脑膜包括三层重叠的组织层,由外向内依次是硬膜(或硬膜)、蛛网膜和软膜。修复受损的脑膜主要集中于可植入和/或可吸收的结构物(称作硬膜替代物),其中将该结构物移植到受损的硬膜并用以代替和/或再生受损的组织。
发明概述
本发明涉及一种具有大量微孔的胶原构件,其中多数微孔的直径小于10μm。令人吃惊的是,本发明的胶原构件具有良好的操作性,这是由于该胶原构件既具有足够的挠性从而使其能够随形不规则形状的表面,同时又具有足够的硬度从而使其不会卷曲或与其自身、仪器或医生戴手套时的湿手粘连。此外,本发明的胶原构件具有良好的强度特性,例如拉伸强度,从而使医生易于操作。而且,本发明的胶原构件可以制成与常规胶原构件,例如目前可利用的胶原硬膜移植物相同的形状或尺寸,同时能给外科医生提供具有优良强度和操作性的胶原构件。

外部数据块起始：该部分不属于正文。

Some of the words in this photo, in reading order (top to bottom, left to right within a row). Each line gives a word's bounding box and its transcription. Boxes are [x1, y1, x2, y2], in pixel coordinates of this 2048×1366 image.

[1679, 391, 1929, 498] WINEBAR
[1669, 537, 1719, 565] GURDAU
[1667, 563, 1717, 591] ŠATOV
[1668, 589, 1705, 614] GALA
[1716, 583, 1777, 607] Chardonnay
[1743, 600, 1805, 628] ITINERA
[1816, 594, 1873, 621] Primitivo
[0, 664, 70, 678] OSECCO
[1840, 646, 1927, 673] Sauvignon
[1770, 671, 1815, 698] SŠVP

尽管多数孔的直径小于10μm,但本发明的胶原构件基本上可以全部被再吸收。令人吃惊的是,本发明人发现尽管本领域技术人员认为孔径必须足够大(内孔直径优选为150μm,表面孔优选为70μm)以允许成长中的脑膜组织向其中渗入,但本发明的多数孔的直径小于10μm的胶原仍被成长中的脑膜组织替代并基本上可完全被再吸收。

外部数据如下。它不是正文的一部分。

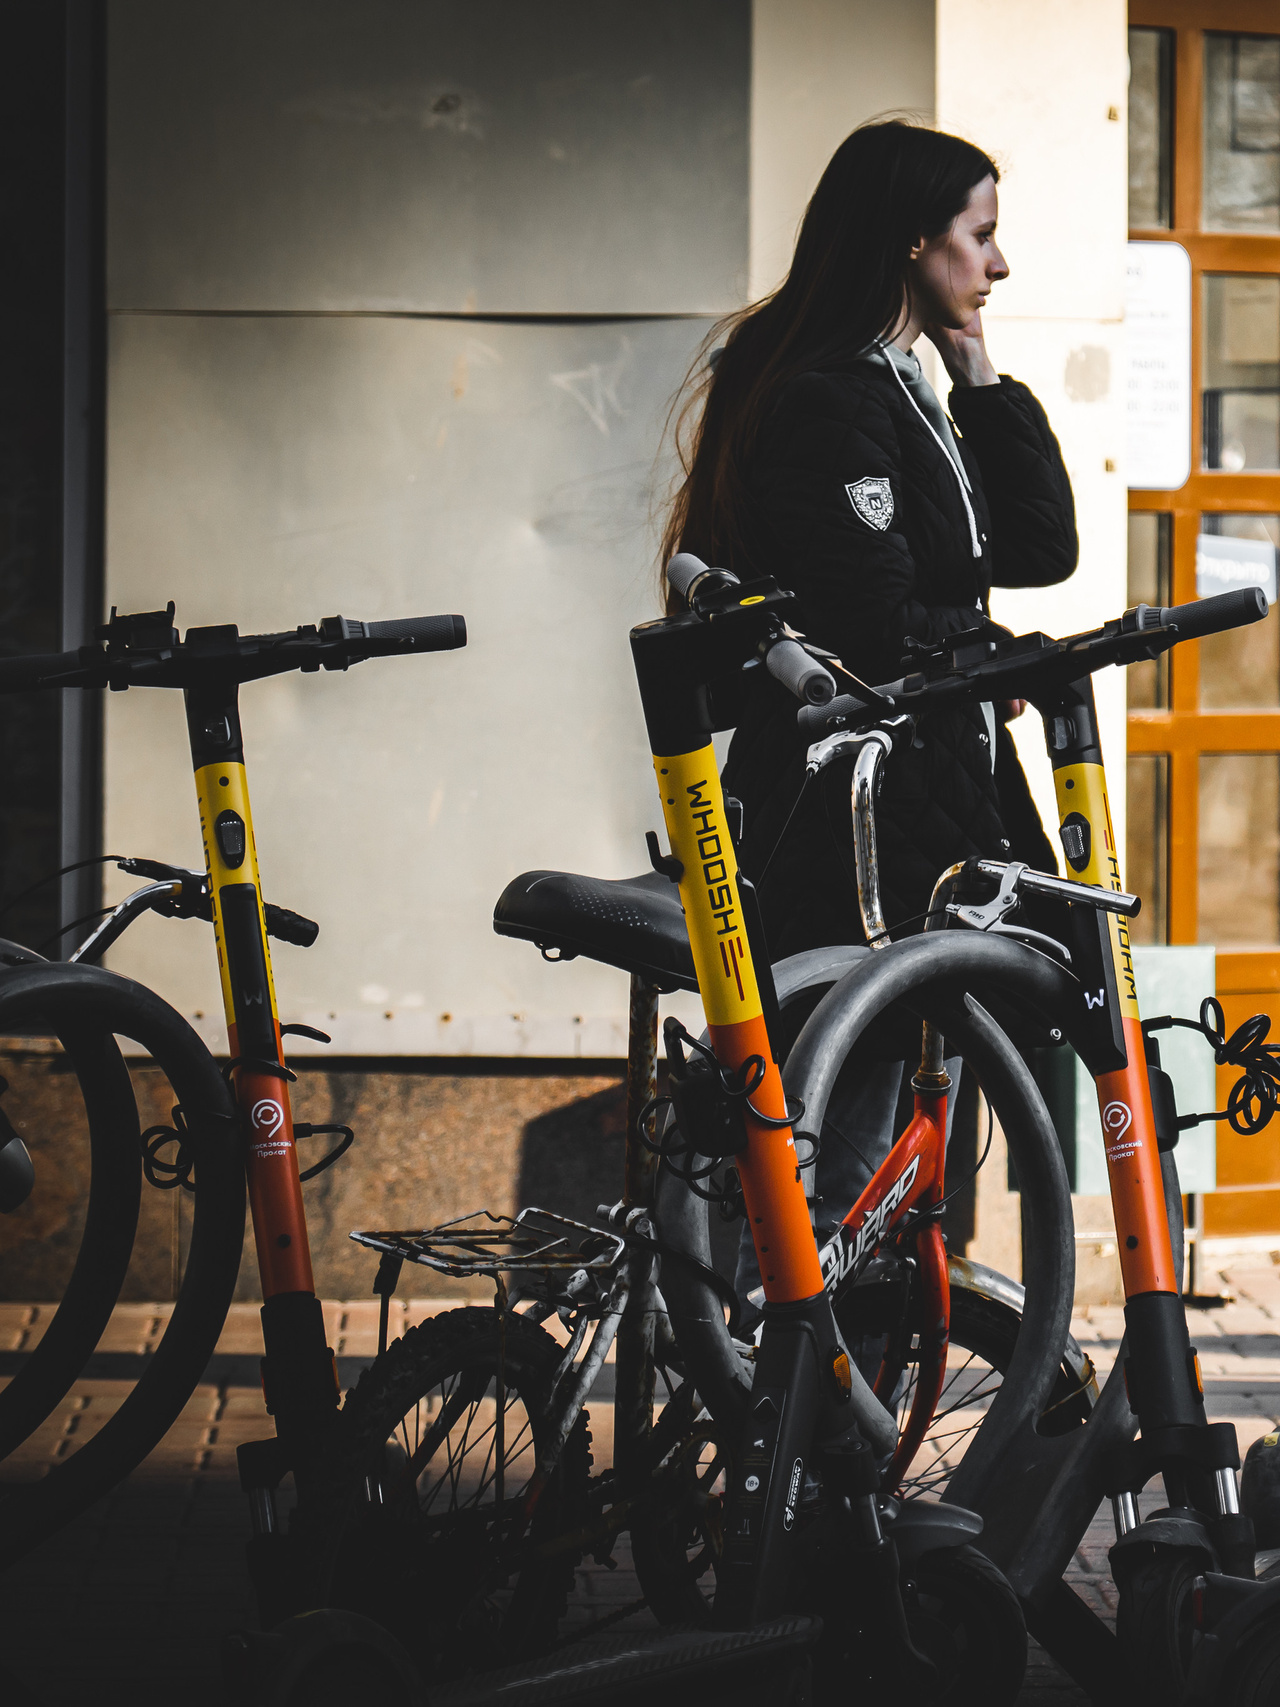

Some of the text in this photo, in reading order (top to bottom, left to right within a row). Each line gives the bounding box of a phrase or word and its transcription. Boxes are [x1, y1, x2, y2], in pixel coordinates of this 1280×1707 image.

根据本发明的示例性实施方案,通过将胶原与净化水混合足够长的时间形成混合物来制备胶原构件。将混合物的pH调节至足以基本上溶解胶原的pH水平。将第一预定量的混合物置于容器中。对该混合物进行冻干处理,从而形成胶原构件。对胶原构件进行交联。该胶原构件具有大量的孔,其中多数孔的直径小于10μm。为了将该胶原构件用作移植物以替换、加固或强化身体组织或用作粘连隔离物,使胶原构件与身体组织接触,并保持接触至胶原构件基本上被身体组织再吸收。
附图的简要说明
通过下面的详细说明并结合附图可以更充分地理解本发明,其中:
图1是说明根据本发明制备胶原构件的方法的流程图;
图2A,2B和2C分别是胶原构件的底部透视图、侧视图和顶视图;和
图3A-3C表示多层制成的胶原构件或层压制品。
发明的详细说明
应该理解,前述仅仅是本发明原理的示例性说明,本领域技术人员可以做多种改进而不脱离本发明的范围和精神。本文引用的所有参考文献在此全部引入作为参考。
通过将胶原与净化水混合足够长的时间以形成混合物来制备本发明的胶原构件。胶原与净化水的比值约为0.4%-5.0%w/w。将混合物的pH调节至足以基本溶解胶原的水平。然后将预定量的混合物置于容器中。通过冻干处理使混合物形成胶原板。也可以使混合物形成块状、圆柱状或其它的所需形状,下文将其统称为胶原板。然后使胶原板交联。在交联过程中,优选使胶原板暴露于液体或蒸汽形式的交联剂,例如甲醛或戊二醛。然后,如果交联剂为蒸汽形式,则使胶原板通风,或者如果交联剂为液体则重新冻干。使混合物形成胶原板的步骤与交联步骤的顺序可以颠倒。
所得的胶原板具有大量微孔,其中多数孔的直径小于10μm。优选大于80%的孔的直径小于10μm。更优选大于90%的孔的直径小于10μm。甚至更优选大于95%的孔的直径小于10μm。更进一步优选大于98%的孔的直径小于10μm。更优选几乎全部的孔的直径小于10μm。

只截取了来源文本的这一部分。